Je souhaite présenter de façon globale cet article très important du projet de loi, ainsi que les amendements du Gouvernement.
Le ministre de l’intérieur ne peut fermer un lieu de culte qu’à deux conditions.
L’une relève des règles relatives aux établissements recevant du public (ERP) et à l’urbanisme – par exemple, une porte ferme mal, il y a un risque d’incendie, etc. Nous nous mettons alors d’accord avec le maire pour que le site n’ouvre pas, ou pour qu’il soit fermé, pour non-conformité avec le droit de l’urbanisme. Cela n’a donc rien à voir une raison de fond.
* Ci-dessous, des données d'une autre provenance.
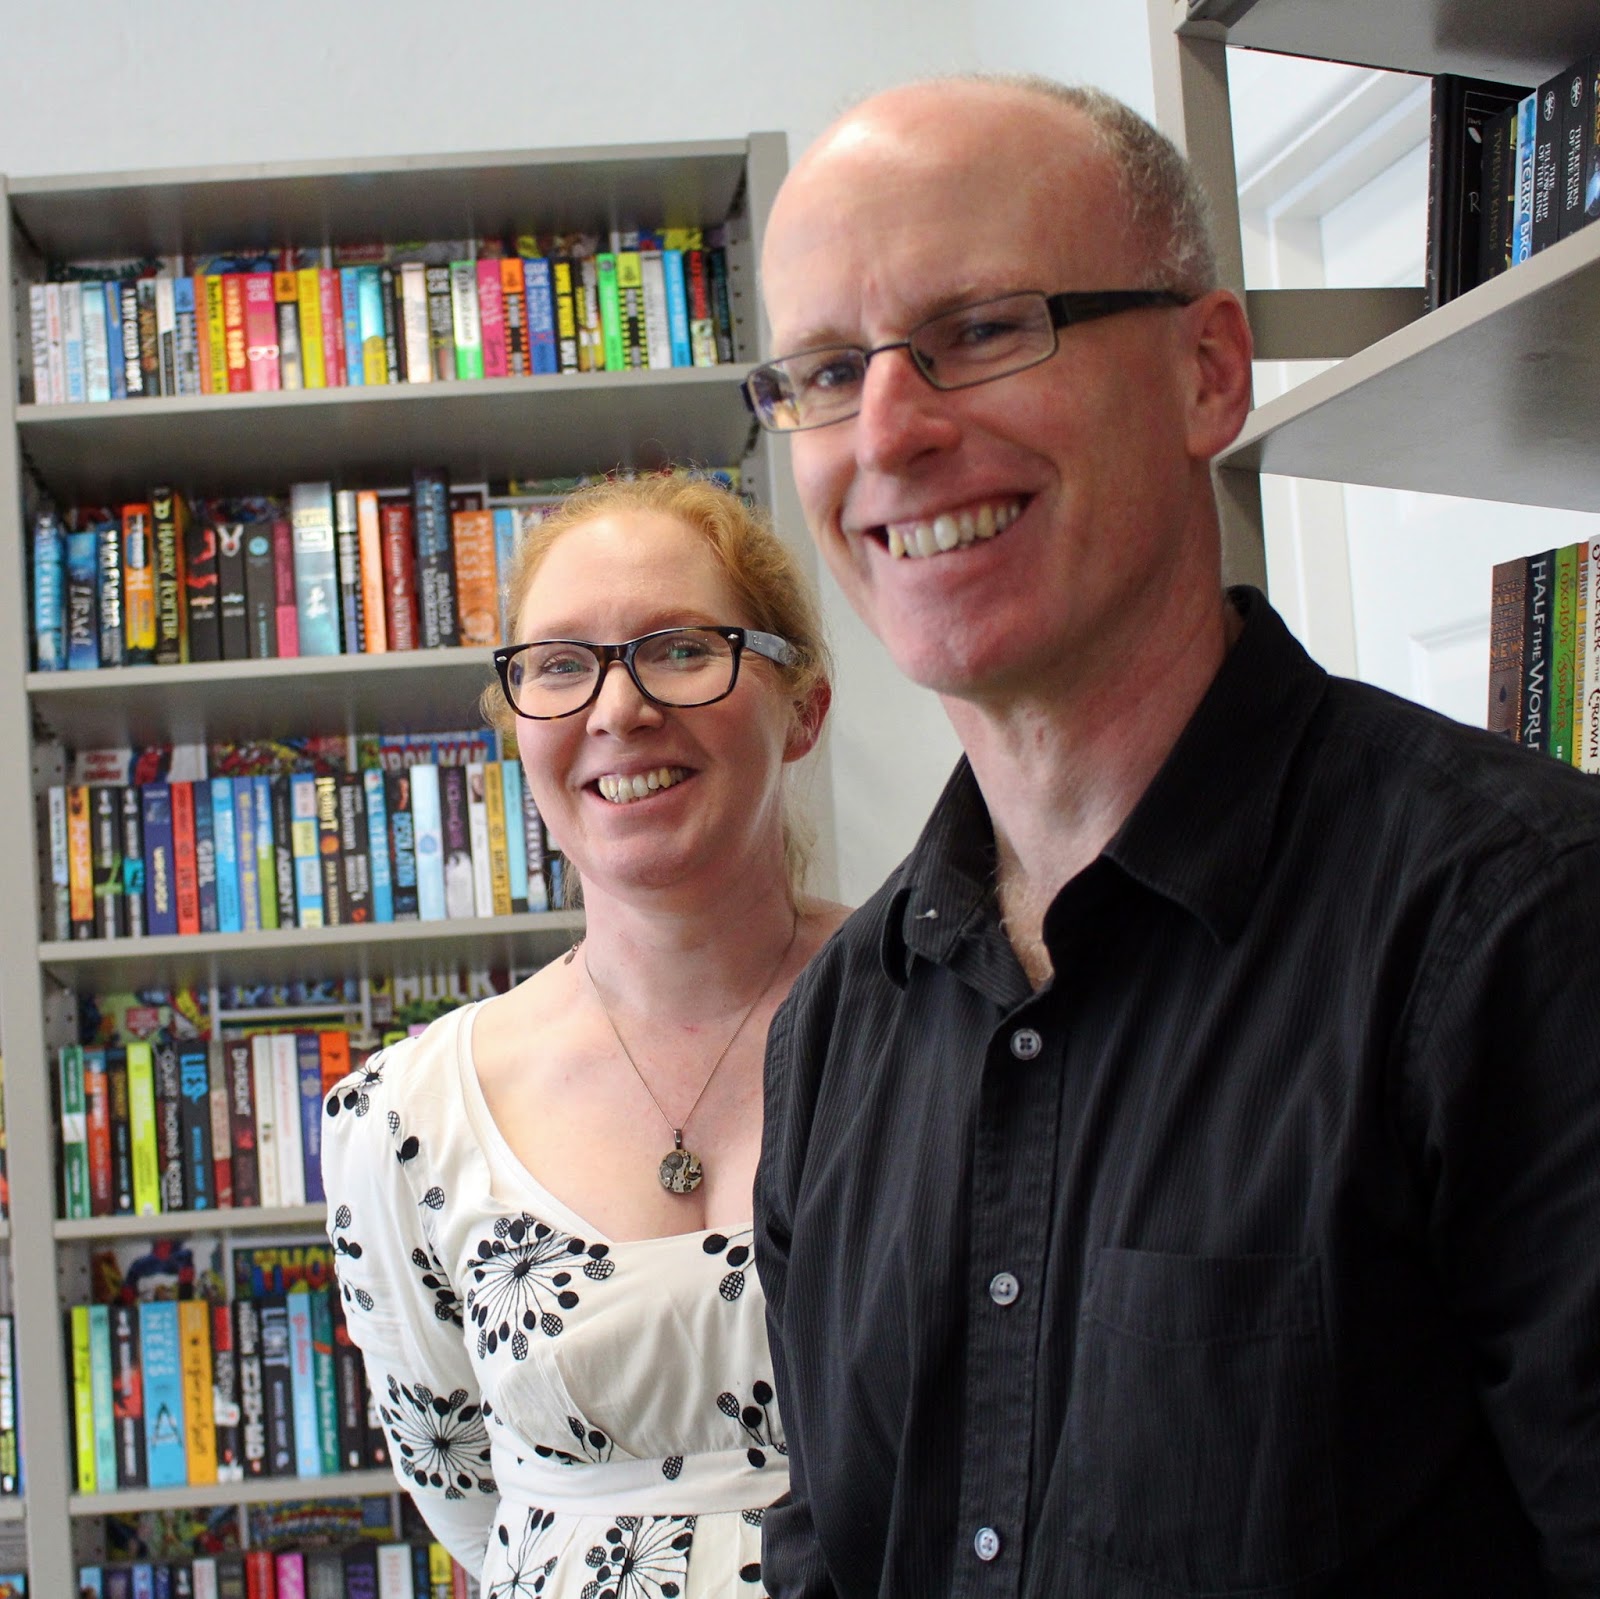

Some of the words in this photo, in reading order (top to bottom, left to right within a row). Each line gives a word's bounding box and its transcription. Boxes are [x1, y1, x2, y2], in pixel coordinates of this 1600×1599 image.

[1573, 125, 1582, 151] THE
[1520, 154, 1533, 217] TERRY
[1542, 143, 1552, 218] FELLOWSHIP
[1566, 177, 1574, 210] KING
[1572, 153, 1580, 206] RETURN
[1535, 191, 1543, 223] RING
[1531, 560, 1547, 626] HALF
[1532, 627, 1542, 661] THE
[180, 1054, 207, 1098] LIES
Telles sont, pour l’essentiel, les dispositions que nous utilisons aujourd’hui. Mais j’ai déjà eu l’occasion de dire qu’un jour viendra – il est même déjà arrivé – où les ennemis de la République sauront lire le code de l’urbanisme…
L’autre condition a pour fondement la loi SILT : on ferme un lieu de culte parce qu’il est directement lié à un attentat terroriste qui a eu lieu. Cette mesure s’applique dans des conditions extrêmement sévères, parce que la liberté de culte, au sens constitutionnel du terme, est très fortement protégée dans notre pays.
Dans l’exemple de la mosquée de Pantin, où plusieurs faits étaient reprochés au dirigeant de l’association cultuelle, et prouvés : il avait relayé la vidéo appelant à l’« assassinat » de Samuel Paty. Le juge administratif a considéré que les arguments invoqués par le ministère de l’intérieur pour fermer ce lieu de culte étaient justes. Ayant observé que le lieu de culte musulman le plus proche se situait à 12 kilomètres de cette mosquée, le juge en a conclu que la décision était proportionnée, car les fidèles pouvaient exercer leur culte pas très loin.
Autrement dit, si le lieu de culte le plus proche avait été beaucoup plus distant, cette décision aurait sans doute été annulée par le juge administratif, et ce en dépit du lien constaté avec l’attentat terroriste.
Aujourd’hui, une troisième condition nous permet de fermer un lieu de culte : les règles sanitaires actuelles. Je ne la développerai pas, car nous espérons tous que cette situation ne perdurera pas.
Je n’ai donc pas les moyens – pas plus qu’aucun ministre de l’intérieur avant moi et qu’aucun autre à l’avenir, sauf si cet article 44 était adopté – de prendre la décision de fermer des lieux de culte, de façon temporaire, le temps de « faire le ménage » parmi des responsables de ces lieux qui auraient prononcé certaines paroles ou commis certains actes. Je rappelle que, même en cas de terrorisme, la fermeture est toujours temporaire, jamais définitive.
Ainsi, je ne peux pas fermer un lieu de culte parce que l’un de ses responsables aurait dit, par exemple, qu’il faut exterminer les juifs, que les chrétiens sont des mécréants, que les femmes ne sont pas les égales des hommes, que l’on se transforme en porc quand on écoute de la musique, toutes joyeusetés que l’on peut entendre et qui sont profondément contraires aux valeurs de la République.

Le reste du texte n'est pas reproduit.